Phrase grounding data

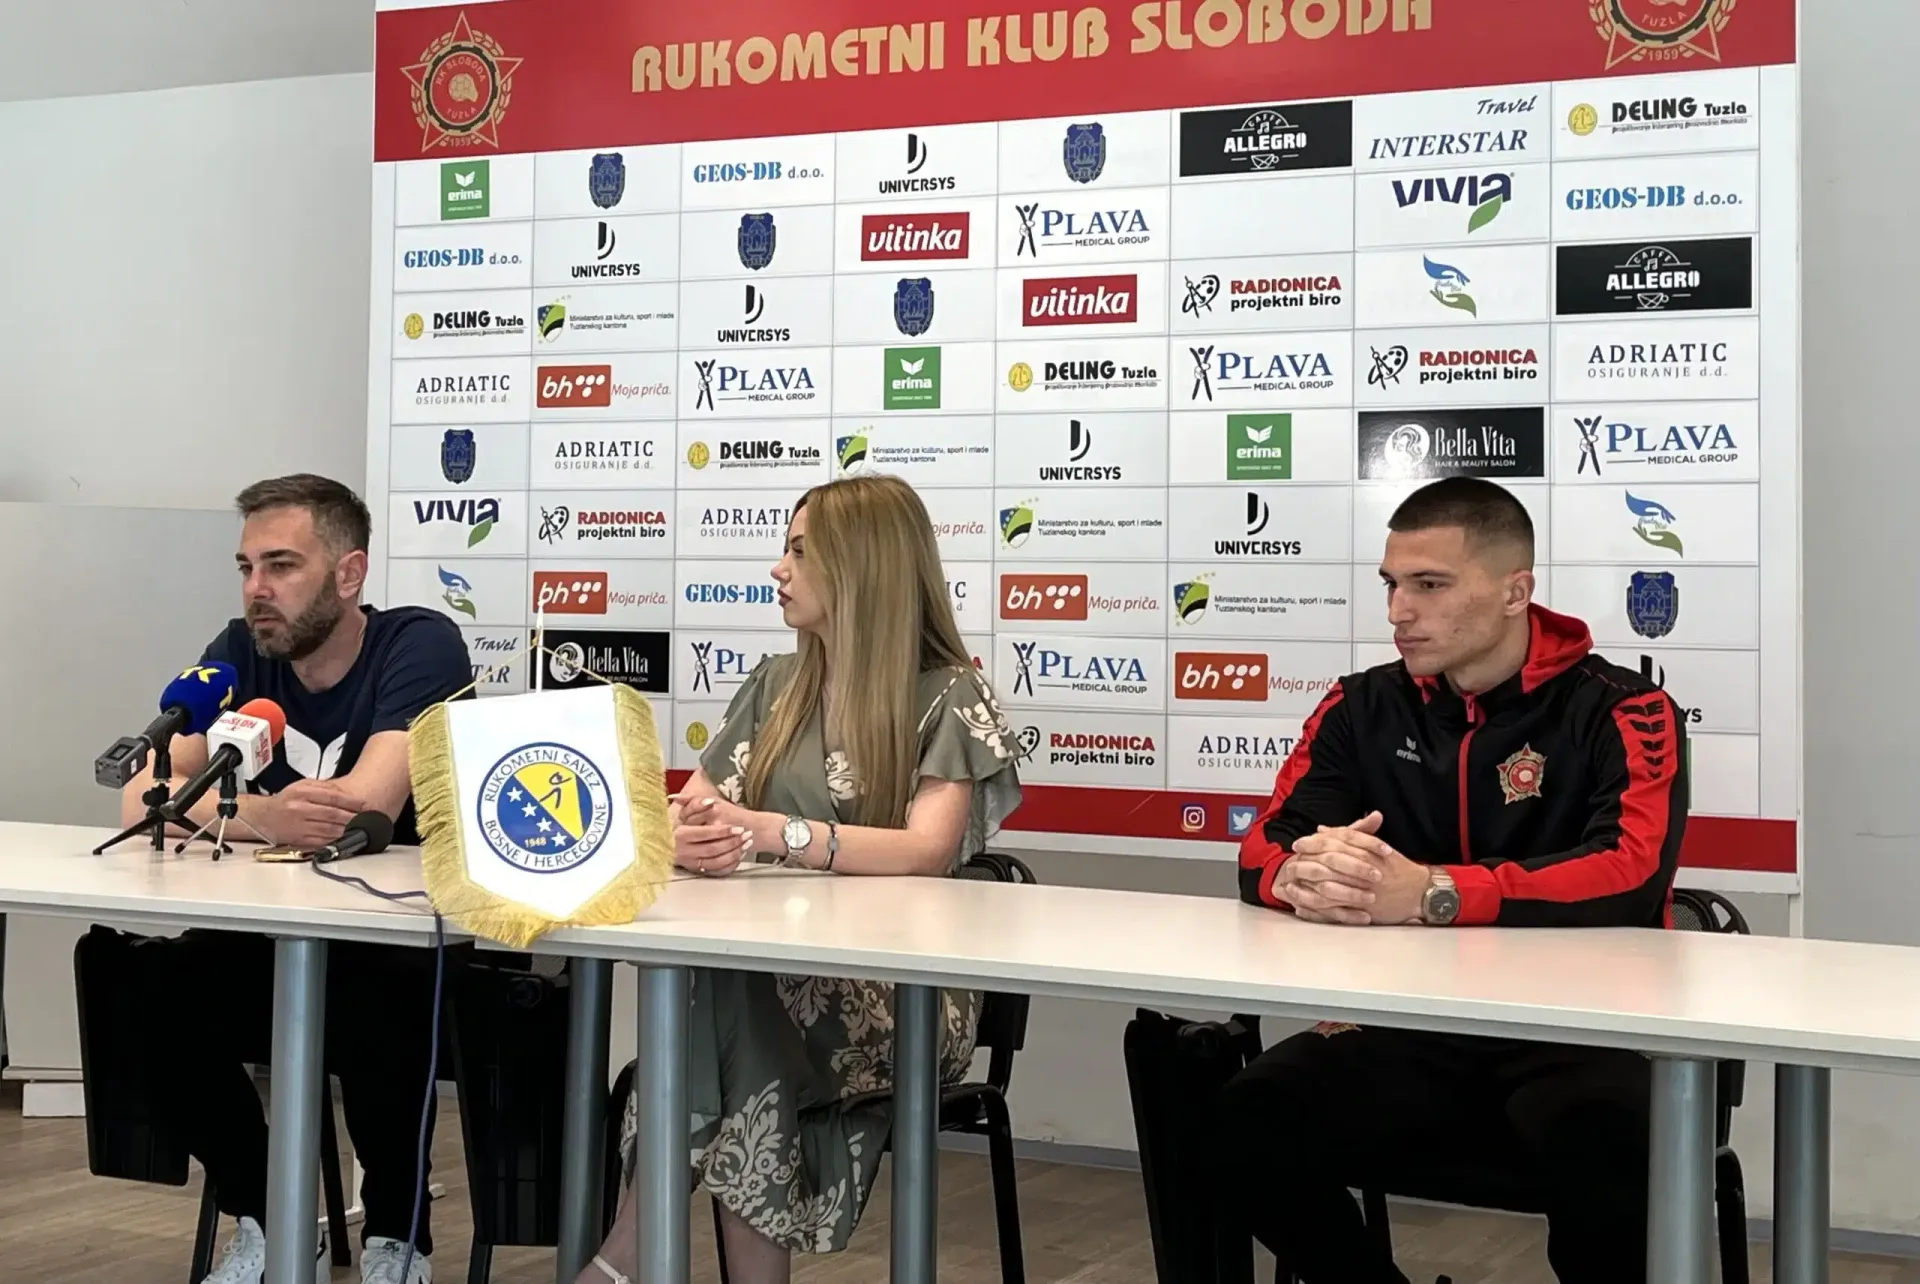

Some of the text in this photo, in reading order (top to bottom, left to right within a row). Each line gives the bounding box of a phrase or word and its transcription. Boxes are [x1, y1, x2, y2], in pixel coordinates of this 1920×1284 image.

[1641, 11, 1687, 27] TUZLA
[631, 0, 1432, 93] RUKOMETNI KLUB SLOBODA
[1648, 48, 1679, 61] 1959
[446, 56, 486, 82] SLOBODA
[447, 106, 476, 119] TUZLA
[1477, 95, 1538, 116] Travel
[1612, 96, 1747, 122] DELING Tuzla
[1224, 132, 1307, 153] ALLEGRO
[1368, 129, 1528, 159] INTERSTAR
[693, 161, 824, 183] GEOS-DB d.o.o.
[879, 176, 955, 194] UNIVERSYS
[448, 188, 483, 202] erima
[1566, 185, 1742, 211] GEOS-DB d.o.o.
[1041, 209, 1150, 236] PLAVA
[867, 222, 963, 252] vitinka
[1075, 235, 1150, 247] MEDICAL GROUP
[404, 248, 522, 268] GEOS-DB d.o.o.
[571, 263, 640, 278] UNIVERSYS
[1230, 276, 1341, 294] RADIONICA
[1606, 270, 1700, 290] ALLEGRO
[1030, 286, 1129, 317] vitinka
[1230, 293, 1341, 311] projektni biro
[433, 310, 524, 330] DELING Tuzla
[717, 328, 790, 342] UNIVERSYS
[1419, 349, 1538, 366] RADIONICA
[1588, 342, 1727, 365] ADRIATIC
[1045, 361, 1157, 381] DELING Tuzla
[1217, 352, 1333, 380] PLAVA
[1419, 366, 1537, 384] projektni biro
[1587, 365, 1728, 379] OSIGURANJE d.d.
[416, 375, 510, 394] ADRIATIC
[717, 365, 815, 391] PLAVA
[892, 377, 932, 390] erima
[1253, 380, 1334, 391] MEDICAL GROUP
[542, 376, 573, 398] bh
[610, 384, 639, 400] Moja
[415, 394, 485, 405] OSIGURANJE
[748, 393, 815, 402] MEDICAL GROUP
[1434, 426, 1516, 457] Bella Vita
[1605, 423, 1737, 453] PLAVA
[555, 440, 654, 458] ADRIATIC
[720, 440, 820, 459] DELING Tuzla
[947, 447, 964, 455] sport
[1236, 446, 1281, 459] erima
[554, 460, 628, 470] OSIGURANJE
[1490, 459, 1516, 467] SALON
[1648, 454, 1738, 465] MEDICAL GROUP
[1039, 466, 1121, 481] UNIVERSYS
[577, 511, 666, 525] RADIONICA
[701, 508, 790, 525] ADRIATI
[1117, 520, 1135, 528] sport
[577, 526, 666, 540] projektni biro
[700, 528, 777, 538] OSIGURANJE
[932, 523, 949, 537] oja
[1214, 541, 1301, 555] UNIVERSYS
[608, 592, 635, 607] Moja
[685, 583, 774, 603] GEOS-DB
[1006, 585, 1160, 613] bh Moja priča.
[1299, 597, 1318, 606] sport
[474, 636, 518, 651] Travel
[588, 645, 648, 674] Bella Vita
[1037, 650, 1147, 682] PLAVA
[1181, 663, 1333, 694] bh Moja prič
[1072, 683, 1147, 694] MEDICAL GROUP
[1050, 733, 1155, 751] RADIONICA
[1198, 735, 1294, 756] ADRIAT
[1050, 750, 1155, 767] projektni biro
[1197, 757, 1280, 771] OSIGURANJ
[484, 749, 601, 802] RUKOMETNI SAVEZ
[485, 803, 607, 868] BOSNE I HERCEGOVINE
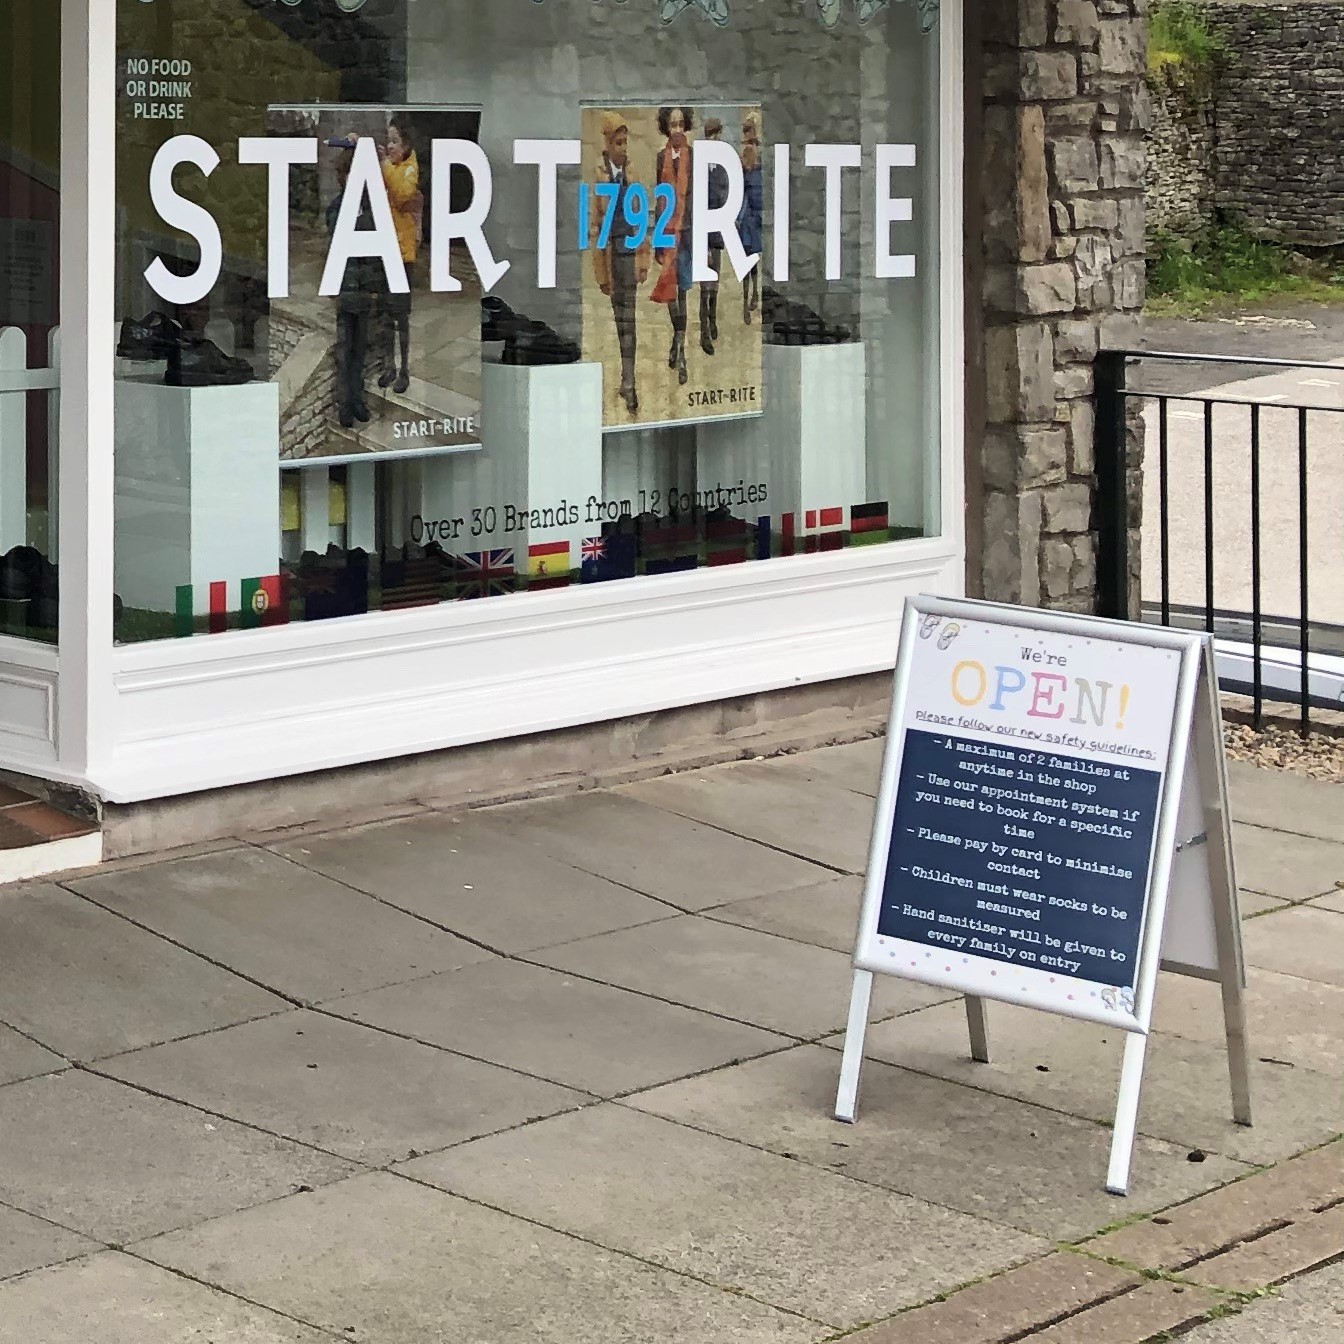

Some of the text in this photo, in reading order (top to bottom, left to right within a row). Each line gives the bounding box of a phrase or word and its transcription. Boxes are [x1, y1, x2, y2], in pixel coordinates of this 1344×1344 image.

[127, 59, 191, 75] NO FOOD
[127, 81, 192, 97] OR DRINK
[134, 103, 184, 119] PLEASE
[144, 134, 581, 305] START
[578, 182, 676, 250] 1792
[692, 139, 917, 283] RITE
[410, 480, 768, 544] Over 30 Brands from 12 Countries
[1021, 646, 1067, 667] We're
[951, 660, 1130, 730] OPEN!
[958, 716, 994, 732] follow
[997, 724, 1016, 736] our
[1020, 728, 1043, 740] new
[1046, 732, 1086, 750] safety
[945, 739, 1130, 781] A maximum of 2 families at
[959, 760, 1097, 794] anytime in the shop
[915, 790, 1132, 839] you need to book for a specific
[928, 773, 1140, 823] Use our appointment system if
[1003, 824, 1035, 839] time
[918, 827, 1133, 880] Please pay by card to minimise
[987, 859, 1041, 880] contact
[912, 865, 1128, 921] Children must wear socks to be
[977, 899, 1041, 921] measured
[903, 904, 1126, 962] Hand sanitiser will be given to
[927, 929, 1081, 973] every family on entry
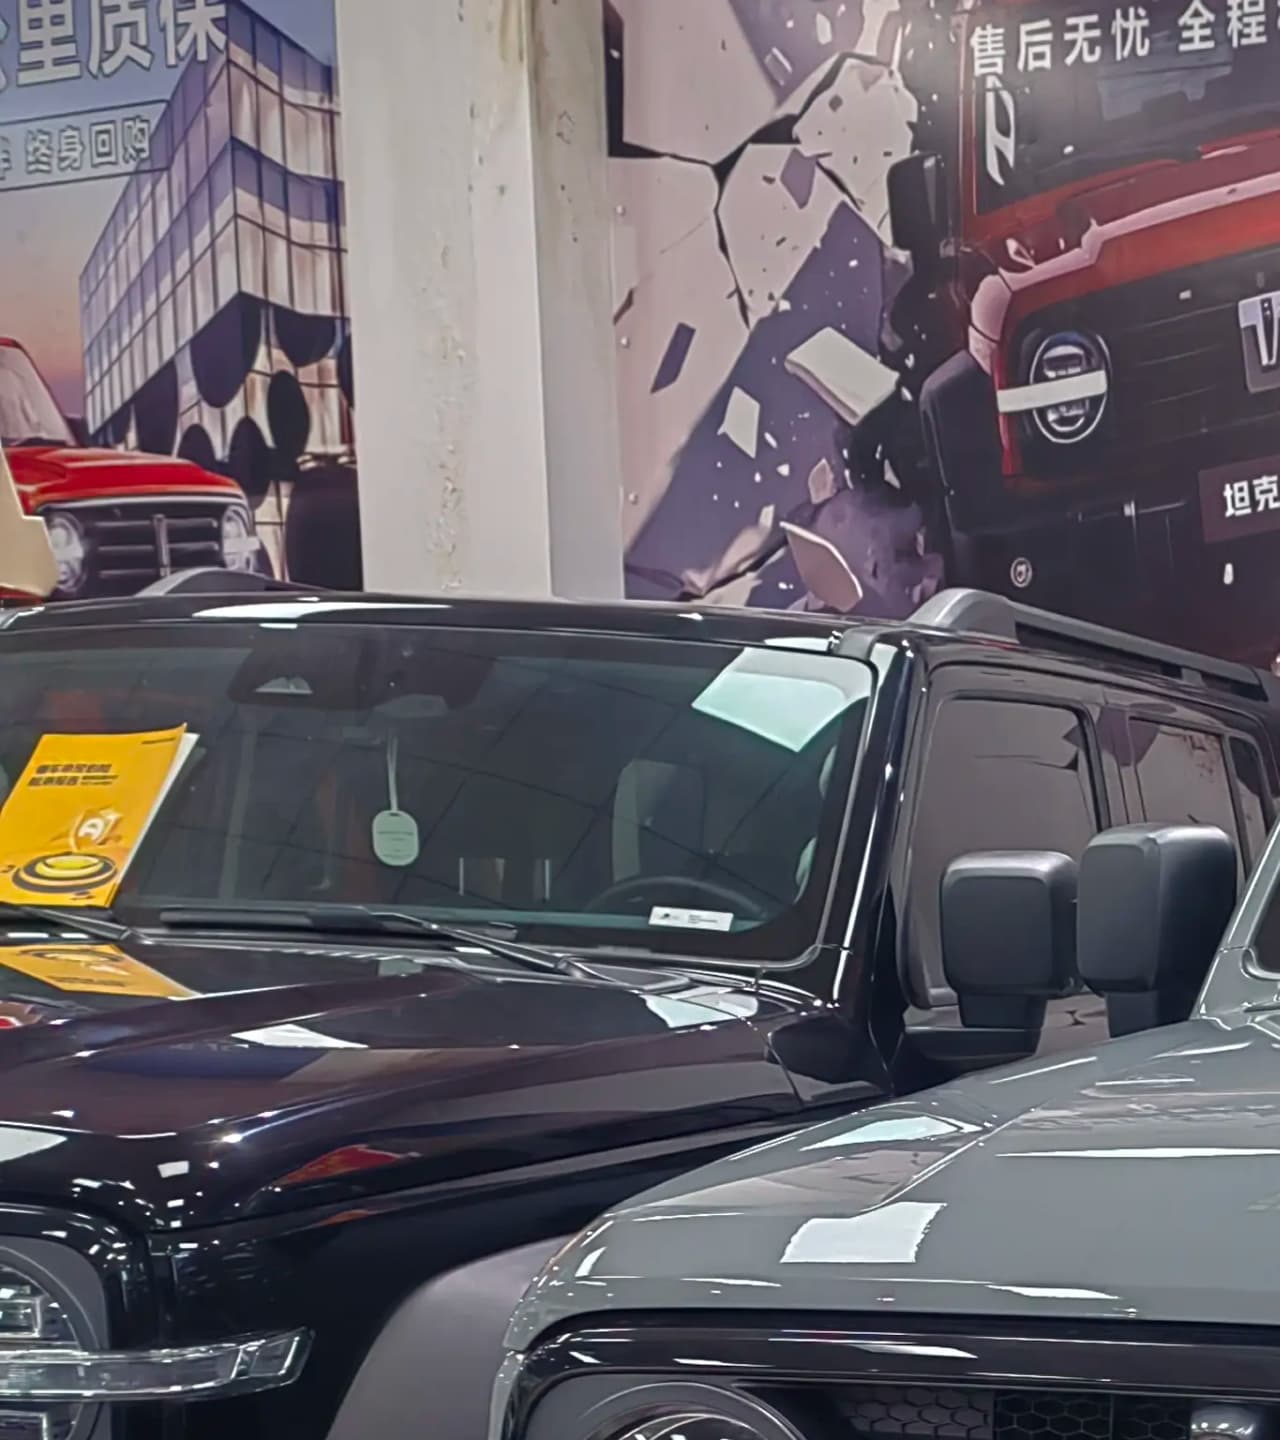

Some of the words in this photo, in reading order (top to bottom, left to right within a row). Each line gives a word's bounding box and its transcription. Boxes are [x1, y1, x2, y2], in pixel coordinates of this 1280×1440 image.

## Problem requirements
Where a record above holds a picture, drop the picture and print the rest exactly.

## Task result
Some of the text in this photo, in reading order (top to bottom, left to right within a row). Each line gives the bounding box of a phrase or word and its transcription. Boxes are [x1, y1, x2, y2], in pixel coordinates of this 1920×1284 image.

[1641, 11, 1687, 27] TUZLA
[631, 0, 1432, 93] RUKOMETNI KLUB SLOBODA
[1648, 48, 1679, 61] 1959
[446, 56, 486, 82] SLOBODA
[447, 106, 476, 119] TUZLA
[1477, 95, 1538, 116] Travel
[1612, 96, 1747, 122] DELING Tuzla
[1224, 132, 1307, 153] ALLEGRO
[1368, 129, 1528, 159] INTERSTAR
[693, 161, 824, 183] GEOS-DB d.o.o.
[879, 176, 955, 194] UNIVERSYS
[448, 188, 483, 202] erima
[1566, 185, 1742, 211] GEOS-DB d.o.o.
[1041, 209, 1150, 236] PLAVA
[867, 222, 963, 252] vitinka
[1075, 235, 1150, 247] MEDICAL GROUP
[404, 248, 522, 268] GEOS-DB d.o.o.
[571, 263, 640, 278] UNIVERSYS
[1230, 276, 1341, 294] RADIONICA
[1606, 270, 1700, 290] ALLEGRO
[1030, 286, 1129, 317] vitinka
[1230, 293, 1341, 311] projektni biro
[433, 310, 524, 330] DELING Tuzla
[717, 328, 790, 342] UNIVERSYS
[1419, 349, 1538, 366] RADIONICA
[1588, 342, 1727, 365] ADRIATIC
[1045, 361, 1157, 381] DELING Tuzla
[1217, 352, 1333, 380] PLAVA
[1419, 366, 1537, 384] projektni biro
[1587, 365, 1728, 379] OSIGURANJE d.d.
[416, 375, 510, 394] ADRIATIC
[717, 365, 815, 391] PLAVA
[892, 377, 932, 390] erima
[1253, 380, 1334, 391] MEDICAL GROUP
[542, 376, 573, 398] bh
[610, 384, 639, 400] Moja
[415, 394, 485, 405] OSIGURANJE
[748, 393, 815, 402] MEDICAL GROUP
[1434, 426, 1516, 457] Bella Vita
[1605, 423, 1737, 453] PLAVA
[555, 440, 654, 458] ADRIATIC
[720, 440, 820, 459] DELING Tuzla
[947, 447, 964, 455] sport
[1236, 446, 1281, 459] erima
[554, 460, 628, 470] OSIGURANJE
[1490, 459, 1516, 467] SALON
[1648, 454, 1738, 465] MEDICAL GROUP
[1039, 466, 1121, 481] UNIVERSYS
[577, 511, 666, 525] RADIONICA
[701, 508, 790, 525] ADRIATI
[1117, 520, 1135, 528] sport
[577, 526, 666, 540] projektni biro
[700, 528, 777, 538] OSIGURANJE
[932, 523, 949, 537] oja
[1214, 541, 1301, 555] UNIVERSYS
[608, 592, 635, 607] Moja
[685, 583, 774, 603] GEOS-DB
[1006, 585, 1160, 613] bh Moja priča.
[1299, 597, 1318, 606] sport
[474, 636, 518, 651] Travel
[588, 645, 648, 674] Bella Vita
[1037, 650, 1147, 682] PLAVA
[1181, 663, 1333, 694] bh Moja prič
[1072, 683, 1147, 694] MEDICAL GROUP
[1050, 733, 1155, 751] RADIONICA
[1198, 735, 1294, 756] ADRIAT
[1050, 750, 1155, 767] projektni biro
[1197, 757, 1280, 771] OSIGURANJ
[484, 749, 601, 802] RUKOMETNI SAVEZ
[485, 803, 607, 868] BOSNE I HERCEGOVINE

Some of the text in this photo, in reading order (top to bottom, left to right within a row). Each line gives the bounding box of a phrase or word and its transcription. Boxes are [x1, y1, x2, y2], in pixel coordinates of this 1344×1344 image.

[127, 59, 191, 75] NO FOOD
[127, 81, 192, 97] OR DRINK
[134, 103, 184, 119] PLEASE
[144, 134, 581, 305] START
[578, 182, 676, 250] 1792
[692, 139, 917, 283] RITE
[410, 480, 768, 544] Over 30 Brands from 12 Countries
[1021, 646, 1067, 667] We're
[951, 660, 1130, 730] OPEN!
[958, 716, 994, 732] follow
[997, 724, 1016, 736] our
[1020, 728, 1043, 740] new
[1046, 732, 1086, 750] safety
[945, 739, 1130, 781] A maximum of 2 families at
[959, 760, 1097, 794] anytime in the shop
[915, 790, 1132, 839] you need to book for a specific
[928, 773, 1140, 823] Use our appointment system if
[1003, 824, 1035, 839] time
[918, 827, 1133, 880] Please pay by card to minimise
[987, 859, 1041, 880] contact
[912, 865, 1128, 921] Children must wear socks to be
[977, 899, 1041, 921] measured
[903, 904, 1126, 962] Hand sanitiser will be given to
[927, 929, 1081, 973] every family on entry

Some of the words in this photo, in reading order (top to bottom, left to right within a row). Each line gives a word's bounding box and its transcription. Boxes are [x1, y1, x2, y2], in pixel coordinates of this 1280×1440 image.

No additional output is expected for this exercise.